Component | Minimum | Recommended |
---|---|---|
RAM | 16GB | 32GB DDR4 |
Storage | 50GB HDD | 100GB NVMe SSD |
GPU | NVIDIA GTX 1660 (6GB) | RTX 3090 (24GB) |
Python | 3.8 | 3.9 |
Critical Notes:
- 🔴 CPU-only mode possible but impractical (10x slower)
- 🟢 CUDA 11.8+ required for GPU acceleration
- 💡 Validate CUDA compatibility:
nvidia-smi
in Command Prompt
Step-by-Step Installation Walkthrough
1. Install XCodec2
XCodec2 is required for decoding speech tokens into audio.
pip install xcodec2==0.1.3
2. Environment Setup
# Create dedicated Conda environment
conda create -n llasa_tts python=3.9 -y
conda activate llasa_tts
# Install core dependencies
pip install torch==2.0.1+cu118 --index-url https://download.pytorch.org/whl/cu118
pip install xcodec2==0.1.3 transformers==4.31.0
Pro Tip: Use Windows Subsystem for Linux (WSL2) for smoother CLI operations.
3. Model Deployment
git clone https://github.com/nivibilla/local-llasa-tts.git
cd local-llasa-tts
# Download 4-bit quantized model (3.8GB)
wget https://huggingface.co/srinivasbilla/llasa-3b-Q4_K_M-GGUF/resolve/main/llasa-3b-q4_k_m.gguf
OR
For inference using llama.cpp
:
git clone https://github.com/ggerganov/llama.cpp
cd llama.cpp
LLAMA_CURL=1 make LLAMA_CUDA=1
Download a GGUF version of the LLaSA TTS 3B model and run inference:
./llama-cli --hf-repo srinivasbilla/llasa-3b-Q4_K_M-GGUF --hf-file llasa-3b-q4_k_m.gguf -p "The meaning of life and the universe is"
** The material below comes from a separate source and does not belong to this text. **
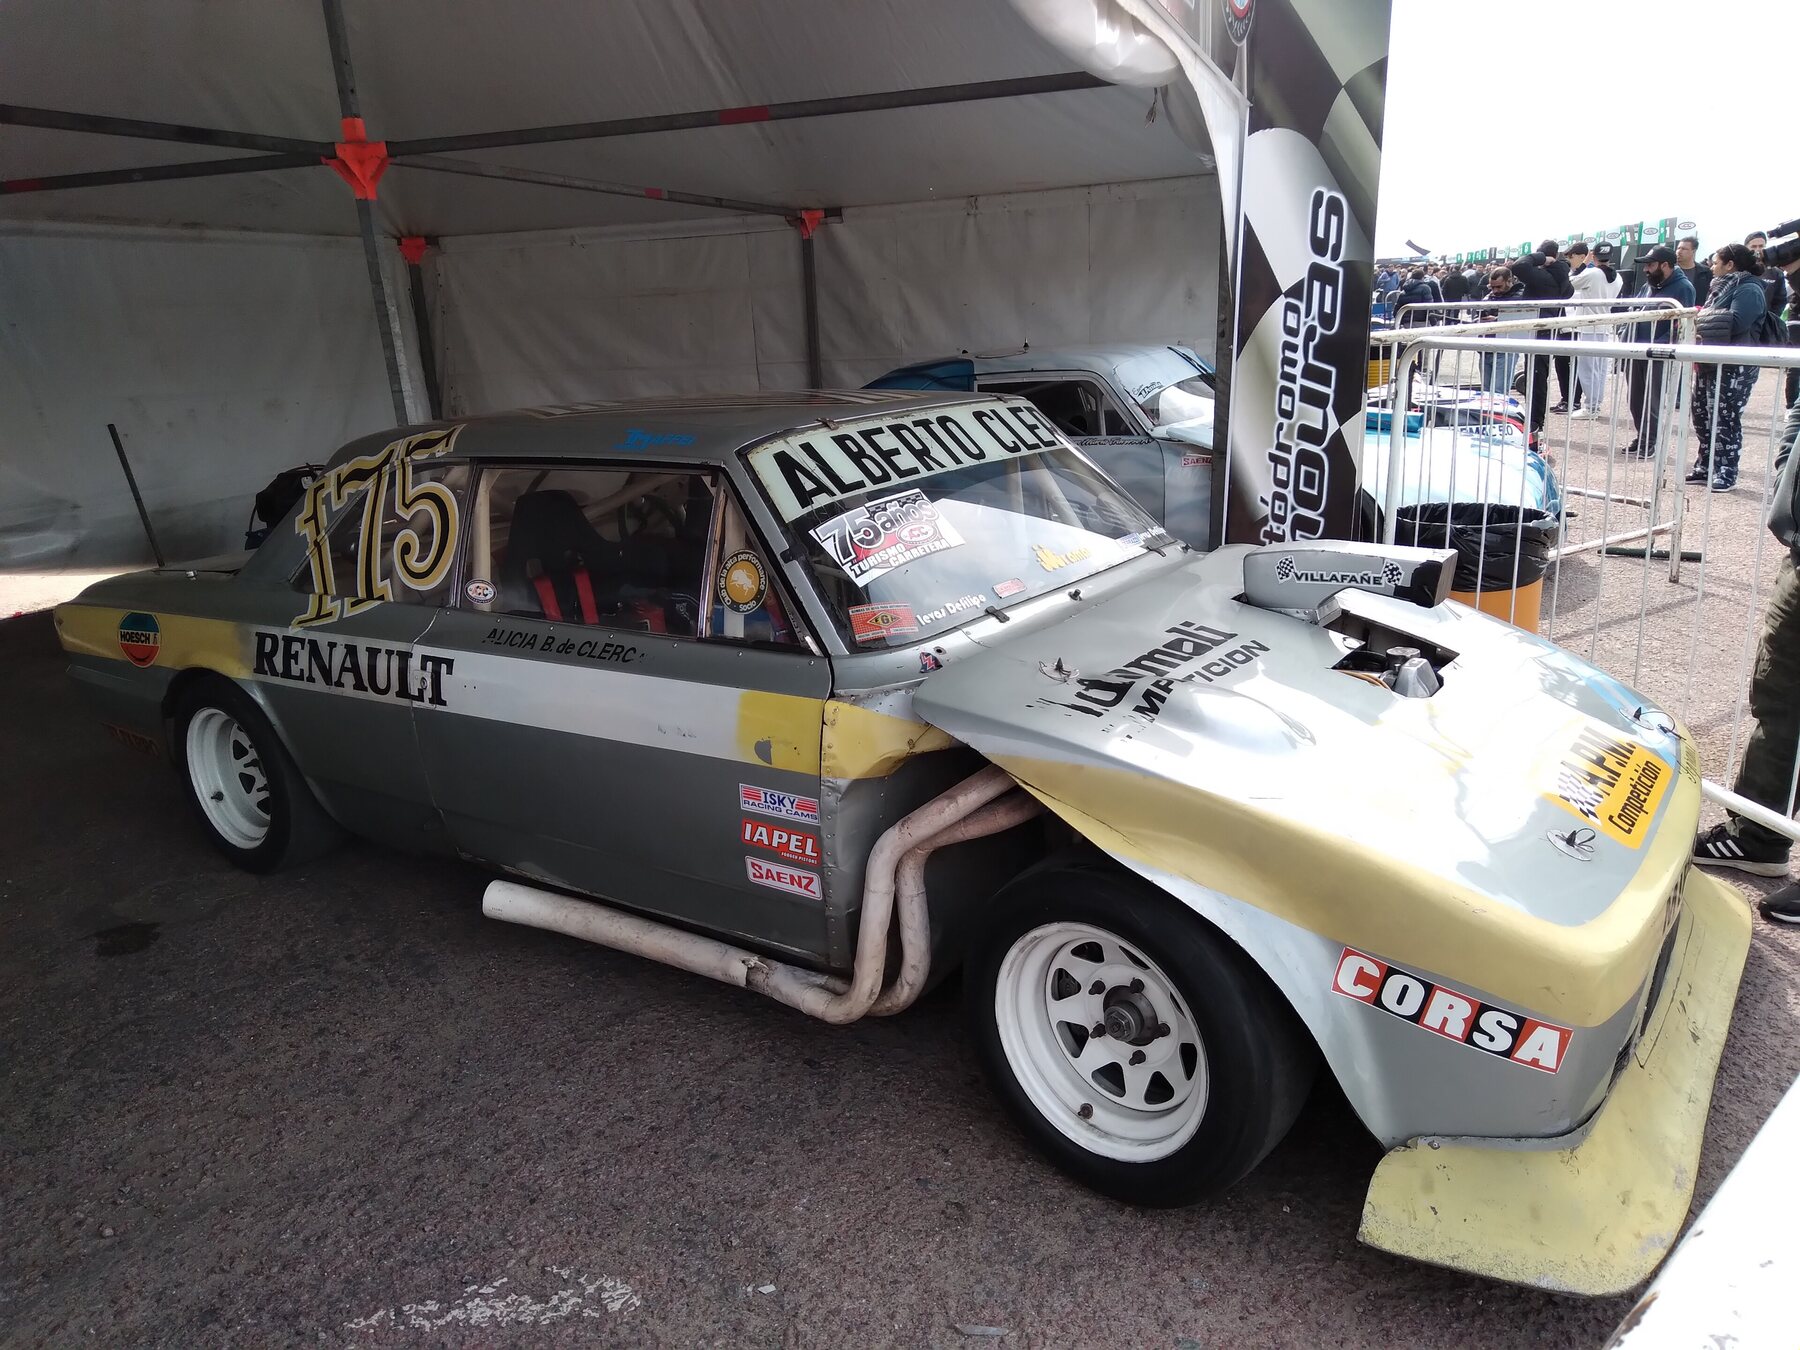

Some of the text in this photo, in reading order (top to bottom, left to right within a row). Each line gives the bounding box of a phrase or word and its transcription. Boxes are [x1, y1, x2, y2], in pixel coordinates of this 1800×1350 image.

4. Hardware Acceleration Setup
- Install NVIDIA CUDA Toolkit 12.1
Verify installation:
nvcc --version # Should show CUDA 12.1+
nvidia-smi # Check GPU memory allocation
5. Running the Gradio App
Launch the Gradio web interface to interact with the model:
python ./hf_app.py
6. Long Text Inference with VLLM
For efficient inference of longer texts:
pip install vllm
jupyter notebook llasa_vllm_longtext_inference.ipynb
Complete Text-to-Speech Script Walkthrough
Code Implementation for Text-to-Speech
Here’s a basic implementation to convert text into speech using LLaSA 3B:
from transformers import AutoTokenizer, AutoModelForCausalLM
import torch
import soundfile as sf
llasa_3b = 'HKUST-Audio/Llasa-3B'
tokenizer = AutoTokenizer.from_pretrained(llasa_3b)
model = AutoModelForCausalLM.from_pretrained(llasa_3b).eval().to('cuda')
from xcodec2.modeling_xcodec2 import XCodec2Model
codec_model = XCodec2Model.from_pretrained("HKUST-Audio/xcodec2").eval().cuda()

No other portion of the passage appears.